At ESPGame, no conflict is possible (regardless of any disagreements), as the two people randomly paired to blindly assign mutual tags to images are both anonymous and isolated from one another. ESPGame exchanges simple entertainment for image tags. Indeed, in this arena, the website holds the data to be far more important than any potential community, even though it hopes that the community will value the game enough to keep coming back, supplying more tags for more images. While we might again speculate about the whys and wherefores of its creation, there is even less to go on here than there was for Flickr, which has a simple but complete explanation of what it will do with the data it collects and is reasonably transparent about its creation and implementation. ESPGame has none of this and indeed very little at all about its purpose. Here, it seems, there is no chicken, only the egg of data collection.
Applying These Examples in the Workplace
How might we, as information professionals, seek to use these examples as models in the workplace? What lessons can we take from those who have pioneered the realm of social classification?
Looking at the Wikipedia model, let us suppose that there is a local historical society with ongoing efforts to catalog the landmark buildings in the area. Toward this end, they might seek to collect and electronically publish legal records about the history of ownership of a particular building, newspaper articles from the archives of local papers, construction records and oral histories from residents and former residents of the buildings being written about. The members of the community would seek to exchange ideas about where information might be found, difficulties or successes in forwarding the effort of the group and other details about what has been found and things that might yet be found.

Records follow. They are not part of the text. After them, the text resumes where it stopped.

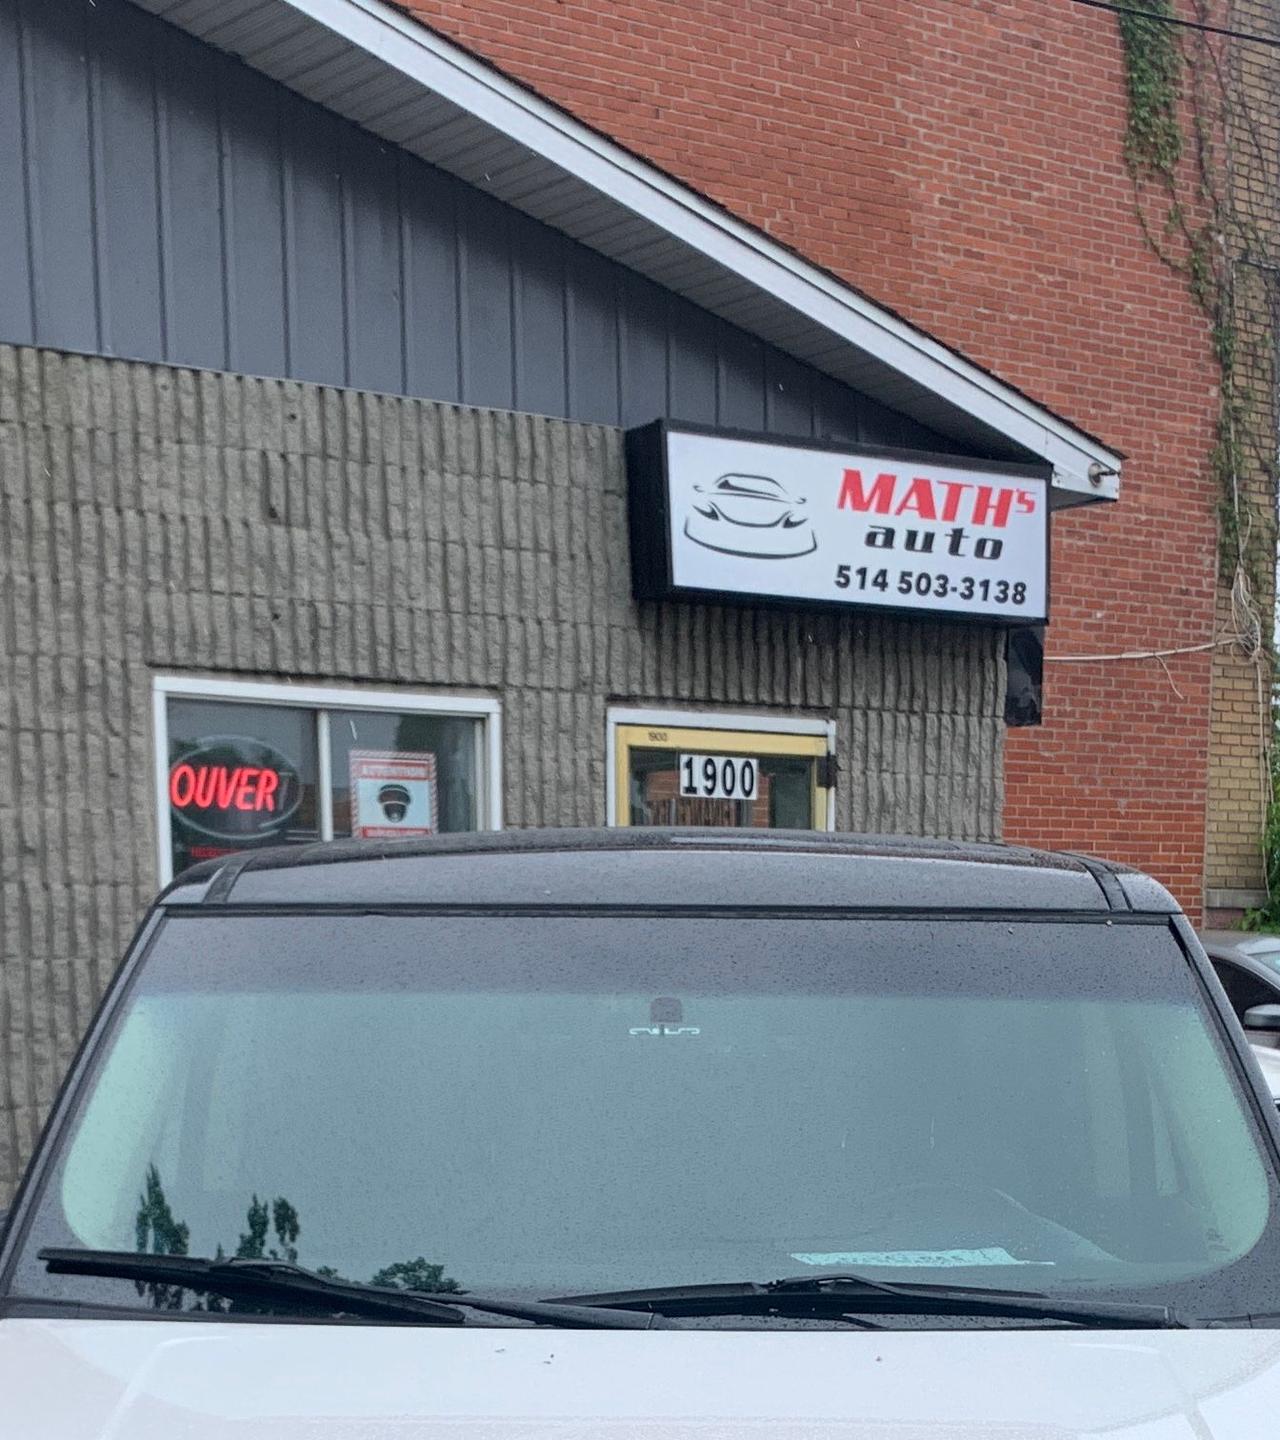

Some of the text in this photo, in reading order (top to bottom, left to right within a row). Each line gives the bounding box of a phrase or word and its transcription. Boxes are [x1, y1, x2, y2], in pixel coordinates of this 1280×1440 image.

[864, 525, 1004, 560] auto
[834, 564, 1027, 605] 514 503-3138
[683, 756, 755, 798] 1900
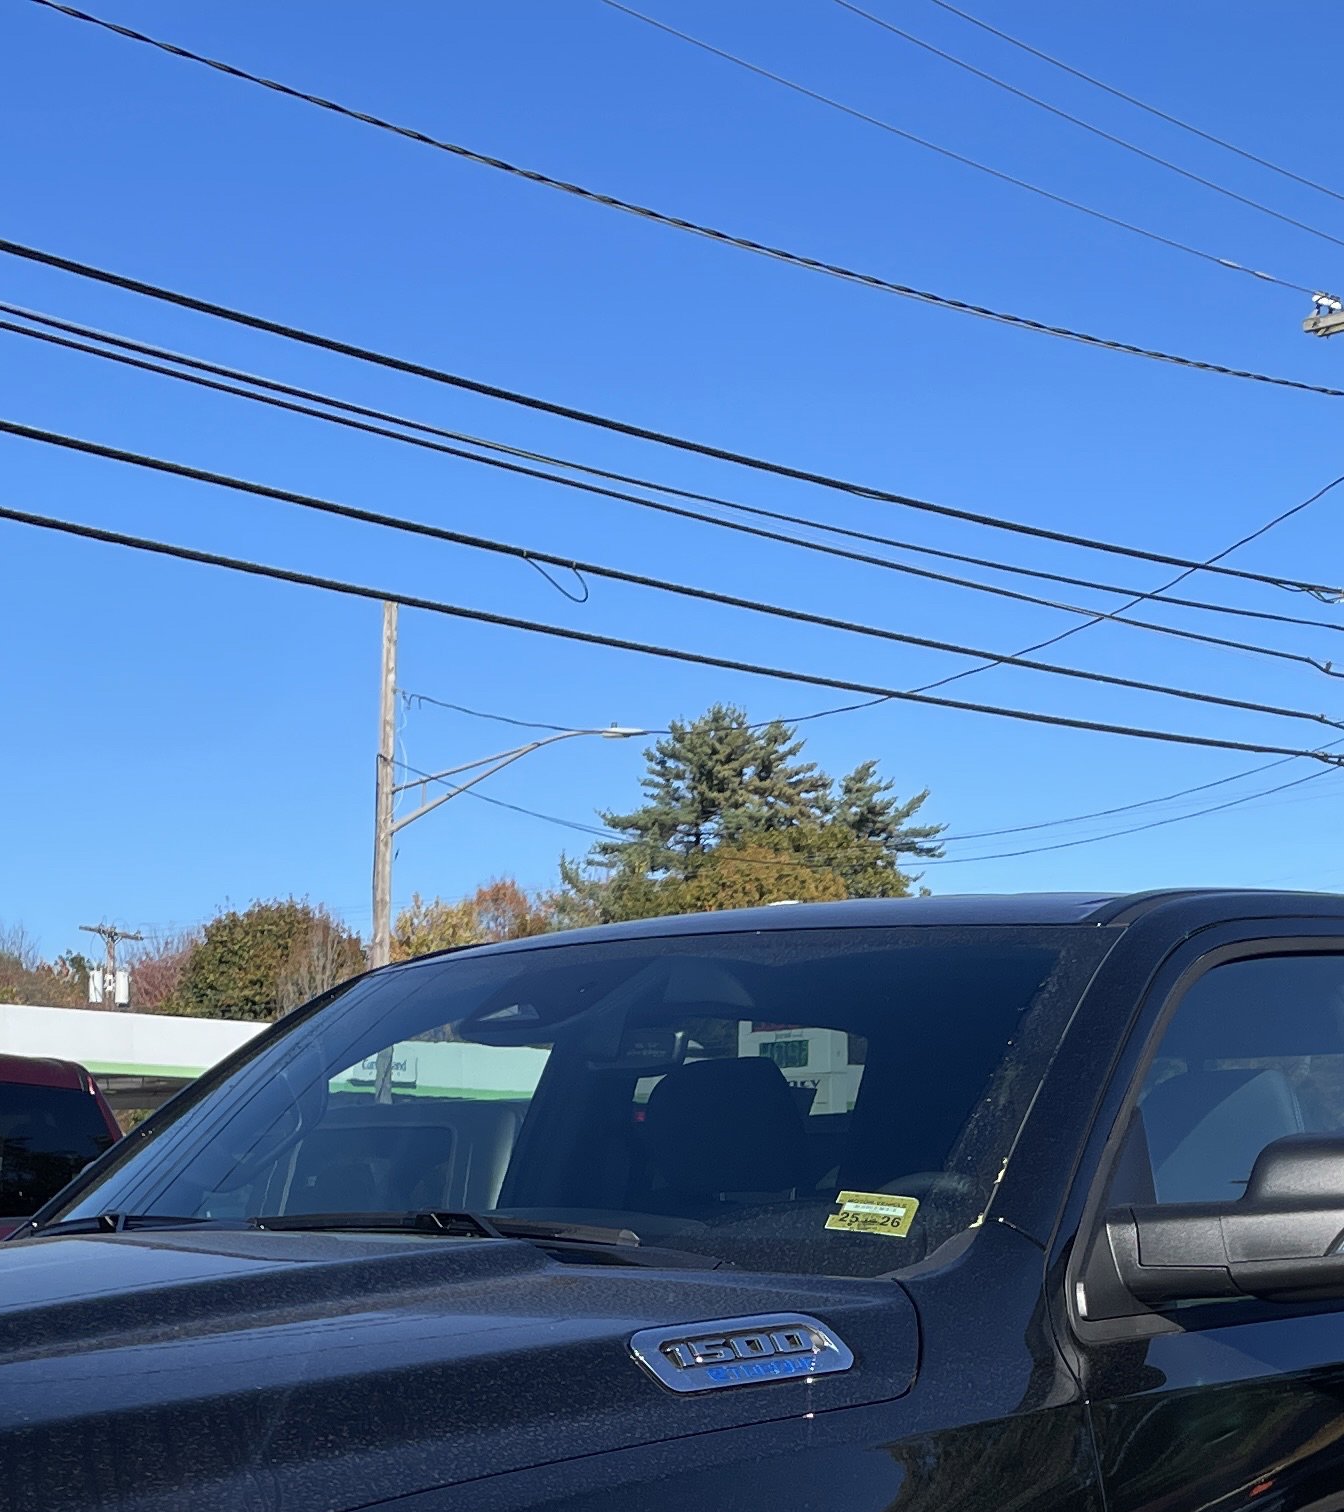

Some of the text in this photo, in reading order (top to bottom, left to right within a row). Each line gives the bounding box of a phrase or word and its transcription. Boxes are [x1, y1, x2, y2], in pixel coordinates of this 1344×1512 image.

[839, 1212, 859, 1223] 25
[879, 1215, 902, 1228] 26
[666, 1328, 815, 1369] 1500

As this community seeks to create and maintain a record of its activities and discoveries, the local library might be asked to administer and host a wiki for them, as the wiki technology and approach would seem to be the best method for this application, since it allows community members to easily record, store, publish and update records and to discuss the accuracy or appropriateness of records within the community. But the very capabilities that are needed would allow conflict to enter into the equation – the tools that allow the work of the group to go forward can sometimes be used to pull it back. Generally, the members will take care of honest conflicts themselves – serious discussion of issues of mutual interest are the bread and butter of wikis, and amiable (or at least civil) disagreements are actively sought in such environments. However, as the administrator of such a community, the librarian might be asked to mediate conflicts between members when they reach an impasse, either as an impartial mediator or as an information expert. This librarian might also be called on to deal with graffiti, with malicious members of the wiki or with other incidental problems that come with the territory that members might not wish to deal with. It is sometimes easy to forget that wikipedia.org runs on donations and that those donations go toward the salaries of those who run it. This fact is a reminder that, while running the wiki for this notional historical society might not by any means be a fulltime job, it will need someone both to settle disputes and to attend to the workaday issues that arise from any community-based effort.
Another implementation might draw on the Flickr model. The library might be asked to establish a virtual scrapbook of a trip that members of a civic group took as part of its relief or charitable efforts. Here, the members could contribute their pictures to a central location that would allow those who went on the trip to post comments, stories and descriptors of what each picture is about. In this application, the librarian has a different set of concerns. As the administrator of the historical website, the librarian was concerned with developing records; now she is being asked to help manage the records of others. She may be asked to assume an active role, serving both as administrator of all things technical and perhaps as the point-of-contact for the scrapbook.
Adopting the Flickr approach up front – that the person contributing each photograph can accept or reject the comments on it – could provide an appropriate rule for settling disagreements. However, the librarian, as the administrator, might also be asked to serve as the de facto help desk for such an effort, answering how-to questions from less tech-savvy users. She might also be sought in her traditional role of librarian to help pin down facts about the pictures. How often have we ourselves taken a picture then forgotten where it was taken and in what way the thing in the picture is important? While the nature of the possible conflict in this social classification environment is different, it is no less a conflict that can disrupt an otherwise happy community.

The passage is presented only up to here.